AIM OF THE EXERCISE:
Reproduce the records word for word, leaving out any pictures they hold.

DATA UNDER STUDY:

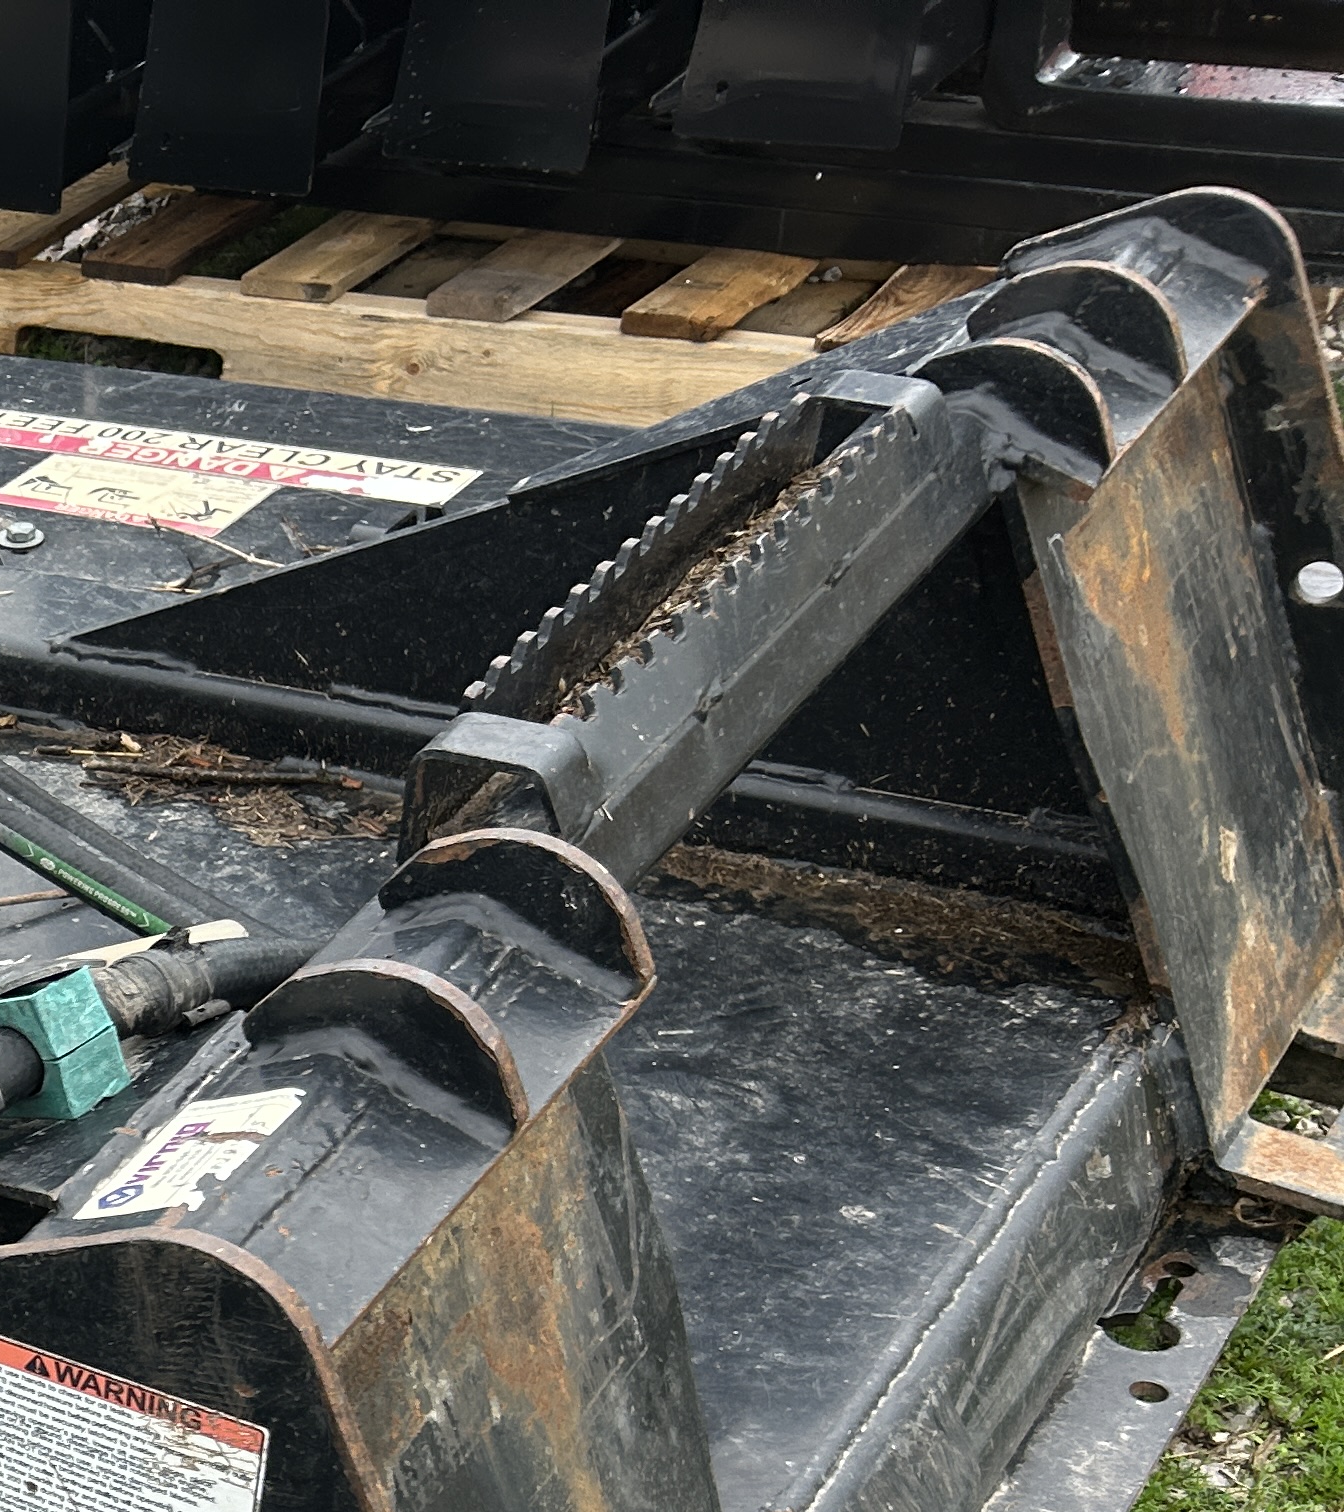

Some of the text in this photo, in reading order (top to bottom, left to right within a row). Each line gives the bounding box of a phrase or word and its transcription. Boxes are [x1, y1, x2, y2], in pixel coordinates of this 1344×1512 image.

[97, 425, 173, 445] 200
[78, 442, 262, 475] DANGER
[174, 437, 335, 467] CLEAR
[336, 457, 464, 484] STAY
[55, 1362, 202, 1431] WARNING

SOLUTION TO THIS PROBLEM:
Some of the text in this photo, in reading order (top to bottom, left to right within a row). Each line gives the bounding box of a phrase or word and its transcription. Boxes are [x1, y1, x2, y2], in pixel coordinates of this 1344×1512 image.

[97, 425, 173, 445] 200
[78, 442, 262, 475] DANGER
[174, 437, 335, 467] CLEAR
[336, 457, 464, 484] STAY
[55, 1362, 202, 1431] WARNING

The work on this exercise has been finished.